[[ Supplied entries, beginning ]]

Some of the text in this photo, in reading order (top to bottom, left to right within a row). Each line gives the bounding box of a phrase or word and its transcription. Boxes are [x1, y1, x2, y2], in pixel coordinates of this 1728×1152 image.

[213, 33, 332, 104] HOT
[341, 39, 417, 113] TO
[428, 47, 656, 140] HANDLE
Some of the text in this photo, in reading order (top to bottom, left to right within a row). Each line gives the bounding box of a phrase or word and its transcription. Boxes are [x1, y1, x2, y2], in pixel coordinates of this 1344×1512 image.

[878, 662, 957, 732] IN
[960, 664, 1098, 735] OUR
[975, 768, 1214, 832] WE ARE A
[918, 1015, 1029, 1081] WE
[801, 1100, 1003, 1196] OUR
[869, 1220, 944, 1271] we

[[ Supplied entries, end ]]

● **Exercise goal**
Could each line above be retyped exactly?

● **Result for this task**
Some of the text in this photo, in reading order (top to bottom, left to right within a row). Each line gives the bounding box of a phrase or word and its transcription. Boxes are [x1, y1, x2, y2], in pixel coordinates of this 1728×1152 image.

[213, 33, 332, 104] HOT
[341, 39, 417, 113] TO
[428, 47, 656, 140] HANDLE
Some of the text in this photo, in reading order (top to bottom, left to right within a row). Each line gives the bounding box of a phrase or word and its transcription. Boxes are [x1, y1, x2, y2], in pixel coordinates of this 1344×1512 image.

[878, 662, 957, 732] IN
[960, 664, 1098, 735] OUR
[975, 768, 1214, 832] WE ARE A
[918, 1015, 1029, 1081] WE
[801, 1100, 1003, 1196] OUR
[869, 1220, 944, 1271] we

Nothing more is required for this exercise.